Seven years ago Bruce sat next to me on a flight out of Nashville. We both changed planes in Detroit and there I frantically wrote down as much of our conversation as I could remember. His heavy southern drawl forced me to listen to him carefully so I could mentally translate what he was saying as he spoke.
I remembered him, but my notes from that day sat unread — until this week when I pulled that notebook off the shelf while shelving last year’s journals. I leafed through and stopped on the page where I had written the heading “Bruce – Flight from Nashville to Detroit”. His story, even his voice, flooded back.
We had done the perfunctory small talk while waiting for take off. He told me he worked in aircraft manufacturing. I told him that I was a mother eight. I stared out the window at the other airplanes on the runway.
“I got me a Cessna,” he said, nodding toward a small plane that was in view. “One time I flew it out of Atlanta. That thang was like a wasp among eagles.”
I liked the imagery and smiled at it. Our plane took off. It’s my favorite moment of every flight — wheels leaving pavement.
“Lemme show you somethin’,” he said, pulling his wallet out of his pocket. He flipped through the pictures and stopped at a well-worn picture of a smiling little boy. “That’s my boy,” he said proudly.
“Very nice,” I said.
He tapped on the photograph. “17 years ago someone ran a red light and hit our car. He was six years old. Died instantly.”
“I’m so sorry,” I murmured, but it felt inadequate.
He flipped to another picture, that of a pretty young woman. “That’s my daughter. She’s a bad ‘un.”
“I’m so sorry,” I said again. I didn’t ask for details and I couldn’t help thinking that 17 years before, she had been a little girl who lost her brother. Life is hard and sad — and we rarely know the other person’s story.
Bruce chatted with people across the aisle and in front of us. He was traveling with several people from his work.
He turned back to me. “You know, I just got done cancer treatments. Thyroid cancer. If I hadn’t taken this new job, probably wouldn’t have found it for a while. They found it on my pre-employment physical — and they still gave me the job.”
“That’s pretty amazing,” I said.
“My father died of lung cancer, you know. So the cancer — it’s kinda scary.”
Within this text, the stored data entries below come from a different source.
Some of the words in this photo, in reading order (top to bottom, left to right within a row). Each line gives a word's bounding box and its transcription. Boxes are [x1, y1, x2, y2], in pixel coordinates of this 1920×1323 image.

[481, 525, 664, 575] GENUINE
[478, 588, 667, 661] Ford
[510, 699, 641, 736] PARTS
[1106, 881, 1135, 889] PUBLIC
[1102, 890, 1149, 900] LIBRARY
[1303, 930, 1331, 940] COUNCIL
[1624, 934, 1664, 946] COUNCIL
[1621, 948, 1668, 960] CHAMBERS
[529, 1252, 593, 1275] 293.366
Talking about his father led him to talking about him growing up. “We was dumb-ass poor growin’ up. Used to go haying with no driver in the pick-up.”
I used to help with haying here in New York, but it was purely for the fun of helping the neighboring dairy farmer. I loved riding in the hay wagon, but someone was always driving the tractor. I tried to picture haying with no driver.

“You know what the Mason-Dixon line is?” he asked. I was worried that he was testing my knowledge as a northerner.
“Didn’t it divide the slave states from the free states?” I asked.
“Nah,” he said. “It’s the line that separates y’all and you guys.”
He laughed like he had just told a good joke. I laughed because I hadn’t expected a linguistics lesson from this burly southerner.
“You like sweet tea?” he asked, but he said it “swait tay.”
“I’m not much of a tea drinker,” I confessed.
“Northerners don’t hardly know how to make sweet tea. I once had a waitress tell me that I could just add sugar to my tea, like she didn’t understand that the sugar gits cooked right in with the tea.”
Frankly, I didn’t know that either.
In Detroit, I wrote it all down — about his son and his daughter and his cancer and his poverty and sweet tea. I tried to write the phrases exactly as I had heard him say them. Our flight had been less than two hours but he had shared so much with me.
I once heard Christian singer Jason Gray tell a story about a mentor that he had. Jason respected his mentor and wanted to be like him. Jason asked him, “How did you become you?” His answer: pain.
The hardships in our life shape us but they don’t define us. Bruce had known deep sorrow and in our brief encounter had shared some of the difficult times he had known, but he also knew how to embrace life.
I’m thankful I got to sit next to him for that flight and listen to his story.